Even as exploration and planetary science experience gains, other NASA missions will receive fewer funds in FY19 as money is shifted in order to achieve the new goals. Funding for LEO and Spaceflight Operations, formerly known as Space Operations, will decline by 6.4 percent between FY17 and FY19. NASA’s Space Transportation program, which funds development of commercial crew and commercial transport vehicles, will see a decline of 18.6 percent from FY17-FY19. NASA has said that it wants to encourage commercial development of LEO. Companies like SpaceX, Boeing, NanoRacks, and Bigelow Aerospace have ambitious plans in LEO. However, there is a chance that funding from NASA is being lowered before these companies have a chance to develop sustainable businesses.
The Earth Science program also receives less funding in the FY19 budget – 6.5 percent less than in FY17. Spending cuts will force NASA to terminate Earth science missions PACE, OCO-3, DSCOVR, and CLARREO Pathfinder. There will also be less funding available for Earth science research grants. NASA had already suggested in its FY18 budget request that these missions may need to be terminated in FY19. New for FY19 is an increased focus on CubeSats. CubeSats, as well as other SmallSat form factors, may enable NASA to continue some missions with a reduced budget in the future.

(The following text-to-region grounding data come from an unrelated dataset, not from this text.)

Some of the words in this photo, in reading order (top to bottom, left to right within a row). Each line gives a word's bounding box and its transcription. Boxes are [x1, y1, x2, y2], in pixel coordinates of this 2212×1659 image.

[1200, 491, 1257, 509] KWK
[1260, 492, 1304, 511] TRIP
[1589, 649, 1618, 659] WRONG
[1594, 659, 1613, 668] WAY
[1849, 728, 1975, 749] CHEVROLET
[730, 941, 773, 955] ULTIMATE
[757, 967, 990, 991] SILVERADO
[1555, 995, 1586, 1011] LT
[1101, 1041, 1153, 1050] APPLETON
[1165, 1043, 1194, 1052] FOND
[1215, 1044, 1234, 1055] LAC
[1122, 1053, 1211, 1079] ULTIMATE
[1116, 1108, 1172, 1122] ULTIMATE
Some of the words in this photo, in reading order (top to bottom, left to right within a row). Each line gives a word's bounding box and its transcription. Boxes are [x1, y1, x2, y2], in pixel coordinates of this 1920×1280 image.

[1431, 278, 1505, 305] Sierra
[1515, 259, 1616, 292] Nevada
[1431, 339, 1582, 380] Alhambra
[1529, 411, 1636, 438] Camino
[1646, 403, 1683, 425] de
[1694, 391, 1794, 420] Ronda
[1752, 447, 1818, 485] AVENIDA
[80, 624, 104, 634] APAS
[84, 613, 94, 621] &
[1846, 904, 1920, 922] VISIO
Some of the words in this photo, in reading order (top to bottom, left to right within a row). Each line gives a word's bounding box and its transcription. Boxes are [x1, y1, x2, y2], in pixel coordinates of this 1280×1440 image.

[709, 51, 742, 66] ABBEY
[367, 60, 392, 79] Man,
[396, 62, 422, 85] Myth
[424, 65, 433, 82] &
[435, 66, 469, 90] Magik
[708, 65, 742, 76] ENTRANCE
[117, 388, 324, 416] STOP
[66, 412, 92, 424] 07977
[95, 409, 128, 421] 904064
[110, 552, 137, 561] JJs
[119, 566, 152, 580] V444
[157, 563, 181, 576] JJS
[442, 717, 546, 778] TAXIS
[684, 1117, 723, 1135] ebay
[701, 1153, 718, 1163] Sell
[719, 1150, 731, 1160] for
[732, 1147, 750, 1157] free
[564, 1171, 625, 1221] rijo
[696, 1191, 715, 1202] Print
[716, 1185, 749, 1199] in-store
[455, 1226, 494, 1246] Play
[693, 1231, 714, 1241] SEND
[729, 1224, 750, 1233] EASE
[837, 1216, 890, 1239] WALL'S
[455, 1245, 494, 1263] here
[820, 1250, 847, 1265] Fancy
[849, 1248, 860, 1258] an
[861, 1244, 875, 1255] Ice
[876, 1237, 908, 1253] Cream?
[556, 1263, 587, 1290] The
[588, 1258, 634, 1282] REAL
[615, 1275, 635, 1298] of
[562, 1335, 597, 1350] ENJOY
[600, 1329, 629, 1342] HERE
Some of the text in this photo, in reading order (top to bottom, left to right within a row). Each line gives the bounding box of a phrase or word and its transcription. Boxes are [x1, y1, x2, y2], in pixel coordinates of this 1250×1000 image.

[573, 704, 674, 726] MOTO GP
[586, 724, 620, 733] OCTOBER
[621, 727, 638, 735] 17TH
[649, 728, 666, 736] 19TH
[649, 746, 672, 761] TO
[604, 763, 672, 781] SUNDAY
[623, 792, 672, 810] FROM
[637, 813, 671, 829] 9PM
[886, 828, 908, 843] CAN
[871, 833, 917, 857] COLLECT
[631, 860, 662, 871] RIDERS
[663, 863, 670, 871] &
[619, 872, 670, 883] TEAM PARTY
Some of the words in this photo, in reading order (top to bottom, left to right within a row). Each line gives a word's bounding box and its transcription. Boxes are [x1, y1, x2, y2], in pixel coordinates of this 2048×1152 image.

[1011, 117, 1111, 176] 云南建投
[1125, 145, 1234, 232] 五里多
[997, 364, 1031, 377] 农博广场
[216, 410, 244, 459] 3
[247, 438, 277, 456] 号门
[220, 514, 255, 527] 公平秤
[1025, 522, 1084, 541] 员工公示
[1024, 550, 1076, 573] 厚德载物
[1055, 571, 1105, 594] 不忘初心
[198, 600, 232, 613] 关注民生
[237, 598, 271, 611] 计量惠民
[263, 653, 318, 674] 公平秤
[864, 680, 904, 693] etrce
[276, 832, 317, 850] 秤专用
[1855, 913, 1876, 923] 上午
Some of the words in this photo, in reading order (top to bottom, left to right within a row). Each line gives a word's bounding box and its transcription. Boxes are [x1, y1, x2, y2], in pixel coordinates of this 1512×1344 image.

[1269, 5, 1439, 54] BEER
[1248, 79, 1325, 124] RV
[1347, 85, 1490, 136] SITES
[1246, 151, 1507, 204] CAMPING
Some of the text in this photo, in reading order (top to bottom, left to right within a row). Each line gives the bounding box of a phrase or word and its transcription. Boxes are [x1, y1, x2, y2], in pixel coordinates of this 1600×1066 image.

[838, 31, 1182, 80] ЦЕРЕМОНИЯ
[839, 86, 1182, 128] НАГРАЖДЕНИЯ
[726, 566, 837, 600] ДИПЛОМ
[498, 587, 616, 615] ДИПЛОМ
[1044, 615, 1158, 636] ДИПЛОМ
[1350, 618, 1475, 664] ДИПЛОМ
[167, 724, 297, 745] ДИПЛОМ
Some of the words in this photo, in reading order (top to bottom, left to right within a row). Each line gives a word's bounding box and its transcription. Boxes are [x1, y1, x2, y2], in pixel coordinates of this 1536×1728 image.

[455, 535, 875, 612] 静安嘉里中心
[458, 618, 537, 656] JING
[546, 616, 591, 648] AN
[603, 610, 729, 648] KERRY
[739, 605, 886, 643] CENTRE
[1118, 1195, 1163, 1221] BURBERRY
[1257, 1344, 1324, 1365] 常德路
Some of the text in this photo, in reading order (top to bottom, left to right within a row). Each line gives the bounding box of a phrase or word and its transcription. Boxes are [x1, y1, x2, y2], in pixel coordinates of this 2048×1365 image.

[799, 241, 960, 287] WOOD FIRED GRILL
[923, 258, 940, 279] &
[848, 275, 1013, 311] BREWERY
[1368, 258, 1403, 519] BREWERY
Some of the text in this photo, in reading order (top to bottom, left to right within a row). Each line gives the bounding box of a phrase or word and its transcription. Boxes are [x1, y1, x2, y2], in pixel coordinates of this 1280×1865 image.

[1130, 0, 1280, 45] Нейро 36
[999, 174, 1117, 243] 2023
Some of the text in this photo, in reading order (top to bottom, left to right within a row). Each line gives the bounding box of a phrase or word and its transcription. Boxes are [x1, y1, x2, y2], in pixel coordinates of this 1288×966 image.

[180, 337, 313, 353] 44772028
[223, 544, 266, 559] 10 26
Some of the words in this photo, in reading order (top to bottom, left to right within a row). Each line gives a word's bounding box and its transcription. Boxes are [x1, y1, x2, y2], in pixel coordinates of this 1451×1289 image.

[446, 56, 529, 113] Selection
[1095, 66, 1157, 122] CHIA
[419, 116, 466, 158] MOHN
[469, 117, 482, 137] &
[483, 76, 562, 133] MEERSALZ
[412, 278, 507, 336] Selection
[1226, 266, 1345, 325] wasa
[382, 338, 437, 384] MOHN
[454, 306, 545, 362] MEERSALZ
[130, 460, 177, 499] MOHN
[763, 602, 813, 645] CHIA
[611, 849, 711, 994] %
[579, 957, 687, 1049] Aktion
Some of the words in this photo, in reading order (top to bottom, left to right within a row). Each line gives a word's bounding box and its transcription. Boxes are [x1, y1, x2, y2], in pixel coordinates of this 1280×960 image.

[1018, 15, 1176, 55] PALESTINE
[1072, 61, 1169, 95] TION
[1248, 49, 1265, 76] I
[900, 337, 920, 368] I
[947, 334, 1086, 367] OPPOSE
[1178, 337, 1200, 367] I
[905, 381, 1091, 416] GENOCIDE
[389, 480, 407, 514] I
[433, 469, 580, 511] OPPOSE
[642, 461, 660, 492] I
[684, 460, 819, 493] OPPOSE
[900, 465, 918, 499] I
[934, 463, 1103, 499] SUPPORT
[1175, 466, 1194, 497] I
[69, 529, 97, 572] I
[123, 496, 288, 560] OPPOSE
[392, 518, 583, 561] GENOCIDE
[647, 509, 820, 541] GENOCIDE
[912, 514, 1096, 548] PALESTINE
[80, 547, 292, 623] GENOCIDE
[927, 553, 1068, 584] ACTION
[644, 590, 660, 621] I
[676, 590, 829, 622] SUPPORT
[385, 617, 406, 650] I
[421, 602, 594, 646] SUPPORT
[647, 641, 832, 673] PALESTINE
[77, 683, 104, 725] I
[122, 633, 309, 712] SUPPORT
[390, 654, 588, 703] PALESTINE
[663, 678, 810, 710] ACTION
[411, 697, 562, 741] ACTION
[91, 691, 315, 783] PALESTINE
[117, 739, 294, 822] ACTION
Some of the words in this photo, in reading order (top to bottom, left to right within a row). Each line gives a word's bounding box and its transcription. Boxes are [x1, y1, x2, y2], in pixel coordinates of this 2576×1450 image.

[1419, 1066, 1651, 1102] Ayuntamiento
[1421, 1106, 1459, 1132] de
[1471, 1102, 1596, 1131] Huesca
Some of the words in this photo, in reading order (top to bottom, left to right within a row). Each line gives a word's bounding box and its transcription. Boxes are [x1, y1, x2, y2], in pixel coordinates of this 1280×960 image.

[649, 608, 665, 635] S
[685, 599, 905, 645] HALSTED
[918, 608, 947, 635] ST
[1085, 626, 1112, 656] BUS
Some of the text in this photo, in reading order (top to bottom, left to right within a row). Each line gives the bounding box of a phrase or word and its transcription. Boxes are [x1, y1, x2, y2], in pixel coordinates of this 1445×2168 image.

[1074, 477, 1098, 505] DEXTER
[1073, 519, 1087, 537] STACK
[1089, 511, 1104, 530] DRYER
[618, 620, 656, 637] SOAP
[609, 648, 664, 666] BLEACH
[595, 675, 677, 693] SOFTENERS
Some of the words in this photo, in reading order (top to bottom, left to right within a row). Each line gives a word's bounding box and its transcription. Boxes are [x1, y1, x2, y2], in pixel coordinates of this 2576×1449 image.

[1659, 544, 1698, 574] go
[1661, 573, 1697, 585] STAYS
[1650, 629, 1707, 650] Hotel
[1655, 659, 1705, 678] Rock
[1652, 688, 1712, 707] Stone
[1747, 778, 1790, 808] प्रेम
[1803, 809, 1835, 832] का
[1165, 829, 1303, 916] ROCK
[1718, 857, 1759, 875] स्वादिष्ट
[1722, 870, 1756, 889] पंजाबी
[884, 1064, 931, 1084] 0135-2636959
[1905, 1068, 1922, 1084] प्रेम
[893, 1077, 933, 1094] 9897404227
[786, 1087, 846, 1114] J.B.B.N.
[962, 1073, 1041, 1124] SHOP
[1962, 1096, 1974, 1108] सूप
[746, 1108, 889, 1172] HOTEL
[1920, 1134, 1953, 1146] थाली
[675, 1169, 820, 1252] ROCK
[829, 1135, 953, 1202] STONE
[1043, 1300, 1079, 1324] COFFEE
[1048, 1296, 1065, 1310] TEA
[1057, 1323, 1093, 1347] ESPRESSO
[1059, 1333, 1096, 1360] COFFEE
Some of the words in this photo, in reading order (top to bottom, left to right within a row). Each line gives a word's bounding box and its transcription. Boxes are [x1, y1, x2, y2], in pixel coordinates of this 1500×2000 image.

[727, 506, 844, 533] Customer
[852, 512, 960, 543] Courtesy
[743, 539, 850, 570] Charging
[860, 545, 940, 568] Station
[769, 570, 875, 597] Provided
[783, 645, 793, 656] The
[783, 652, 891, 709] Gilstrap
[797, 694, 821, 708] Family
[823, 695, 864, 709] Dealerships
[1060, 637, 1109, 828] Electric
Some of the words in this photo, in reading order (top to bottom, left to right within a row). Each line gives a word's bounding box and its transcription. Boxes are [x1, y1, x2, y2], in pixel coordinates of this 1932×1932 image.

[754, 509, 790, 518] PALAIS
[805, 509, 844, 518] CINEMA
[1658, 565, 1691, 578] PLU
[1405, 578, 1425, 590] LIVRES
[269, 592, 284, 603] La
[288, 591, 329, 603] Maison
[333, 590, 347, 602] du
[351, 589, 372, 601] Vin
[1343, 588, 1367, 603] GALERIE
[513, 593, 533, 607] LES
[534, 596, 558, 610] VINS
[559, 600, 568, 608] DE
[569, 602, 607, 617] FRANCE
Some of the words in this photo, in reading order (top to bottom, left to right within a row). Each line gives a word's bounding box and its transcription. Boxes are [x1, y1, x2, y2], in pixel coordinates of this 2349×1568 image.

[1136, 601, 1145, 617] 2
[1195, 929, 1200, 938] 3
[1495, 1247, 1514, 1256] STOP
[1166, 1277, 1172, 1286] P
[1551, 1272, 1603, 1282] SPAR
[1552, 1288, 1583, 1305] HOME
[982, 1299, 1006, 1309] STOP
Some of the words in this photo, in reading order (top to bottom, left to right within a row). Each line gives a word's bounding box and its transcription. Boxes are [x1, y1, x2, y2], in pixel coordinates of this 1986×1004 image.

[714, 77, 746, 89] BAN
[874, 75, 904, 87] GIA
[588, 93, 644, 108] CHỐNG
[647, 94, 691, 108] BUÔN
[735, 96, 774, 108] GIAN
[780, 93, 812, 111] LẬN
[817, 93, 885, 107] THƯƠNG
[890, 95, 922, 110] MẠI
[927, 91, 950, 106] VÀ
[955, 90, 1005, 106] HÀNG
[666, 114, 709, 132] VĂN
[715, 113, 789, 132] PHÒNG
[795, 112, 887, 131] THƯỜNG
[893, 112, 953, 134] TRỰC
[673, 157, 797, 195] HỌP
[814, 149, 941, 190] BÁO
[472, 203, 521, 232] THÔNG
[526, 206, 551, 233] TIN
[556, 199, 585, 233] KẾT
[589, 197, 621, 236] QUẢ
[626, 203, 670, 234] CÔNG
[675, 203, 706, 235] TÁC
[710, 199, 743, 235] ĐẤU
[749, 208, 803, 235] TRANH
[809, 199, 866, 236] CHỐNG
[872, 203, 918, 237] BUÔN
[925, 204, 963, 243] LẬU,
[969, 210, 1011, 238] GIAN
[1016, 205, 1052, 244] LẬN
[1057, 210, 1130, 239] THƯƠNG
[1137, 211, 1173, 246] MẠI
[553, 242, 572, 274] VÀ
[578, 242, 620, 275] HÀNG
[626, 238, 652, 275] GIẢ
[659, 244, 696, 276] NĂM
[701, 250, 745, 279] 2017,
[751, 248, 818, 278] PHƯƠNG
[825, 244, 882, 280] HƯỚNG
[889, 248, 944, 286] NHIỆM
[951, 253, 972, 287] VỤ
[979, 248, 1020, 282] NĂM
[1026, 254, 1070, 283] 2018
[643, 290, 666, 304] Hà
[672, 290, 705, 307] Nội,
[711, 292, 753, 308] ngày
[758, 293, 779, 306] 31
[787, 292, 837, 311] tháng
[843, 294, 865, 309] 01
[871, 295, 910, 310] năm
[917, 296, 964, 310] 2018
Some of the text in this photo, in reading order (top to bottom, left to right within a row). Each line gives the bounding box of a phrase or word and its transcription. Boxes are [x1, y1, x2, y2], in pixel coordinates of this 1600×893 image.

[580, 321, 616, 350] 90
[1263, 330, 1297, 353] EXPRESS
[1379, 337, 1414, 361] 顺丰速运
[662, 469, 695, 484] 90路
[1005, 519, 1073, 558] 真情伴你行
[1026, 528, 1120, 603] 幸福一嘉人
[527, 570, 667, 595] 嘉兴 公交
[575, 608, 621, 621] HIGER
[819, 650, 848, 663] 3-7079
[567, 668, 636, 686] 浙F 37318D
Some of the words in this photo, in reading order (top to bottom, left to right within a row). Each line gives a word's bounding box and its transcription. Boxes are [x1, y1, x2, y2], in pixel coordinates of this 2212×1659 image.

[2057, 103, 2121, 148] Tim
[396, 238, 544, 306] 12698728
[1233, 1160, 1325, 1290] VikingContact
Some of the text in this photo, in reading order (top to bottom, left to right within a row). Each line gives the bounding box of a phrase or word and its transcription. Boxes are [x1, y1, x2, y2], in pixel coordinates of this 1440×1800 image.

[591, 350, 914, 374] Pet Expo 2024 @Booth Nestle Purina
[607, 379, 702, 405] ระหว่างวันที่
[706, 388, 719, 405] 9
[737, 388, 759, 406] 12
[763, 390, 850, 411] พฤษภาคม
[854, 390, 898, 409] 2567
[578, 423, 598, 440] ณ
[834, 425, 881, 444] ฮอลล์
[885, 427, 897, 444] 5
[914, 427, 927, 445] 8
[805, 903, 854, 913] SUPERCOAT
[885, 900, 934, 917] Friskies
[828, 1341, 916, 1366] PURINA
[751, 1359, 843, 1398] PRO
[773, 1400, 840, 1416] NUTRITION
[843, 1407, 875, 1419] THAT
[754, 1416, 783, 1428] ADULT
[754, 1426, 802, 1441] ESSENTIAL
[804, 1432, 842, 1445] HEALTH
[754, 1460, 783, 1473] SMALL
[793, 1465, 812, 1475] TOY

Finally, the Astrophysics program will receive 12.3 percent less funding in FY19 than in FY17. In addition, the James Webb Space Telescope, which long had its own funding line, has been rolled back into the Astrophysics program – further evidence of NASA’s shifting focus away from science missions to exploration missions. Funding declines come as the JWST nears completion. NASA has also proposed terminating the WFIRST (Wide Field Infrared Survey Telescope) mission, which was planned to be the successor to the JWST. Under NASA’s new direction, the agency does not have enough funds to pay for WFIRST construction as well as exploration missions. While a halt in WFIRST development would not be noticed early on, once Hubble and the JWST reach the end of their useful lives, NASA may find it has a gap in space-based astronomical observation capabilities.
As NASA focuses on a clear mission under its FY19 budget, tradeoffs will be made. In the past, NASA has been faulted for trying to do too much. Without a clear focus, few efforts were successful. Project Constellation was canceled, and NASA’s flagship program, the JWST, suffered major delays and cost overruns. The new NASA budget seems to be an attempt to avoid the problems of the past. Still, the decision to go in a new direction has resulted in the proposed termination of some popular programs, the WFIRST in particular.
Going forward, these controversial decisions have yet to be vetted by Congress, which historically has made it difficult for NASA to terminate programs. For example, when Project Constellation was canceled, Congress forced NASA to continue development of a heavy-lift launch vehicle and a crew capsule. However, many months could pass before the proposed changes begin to be reviewed by lawmakers.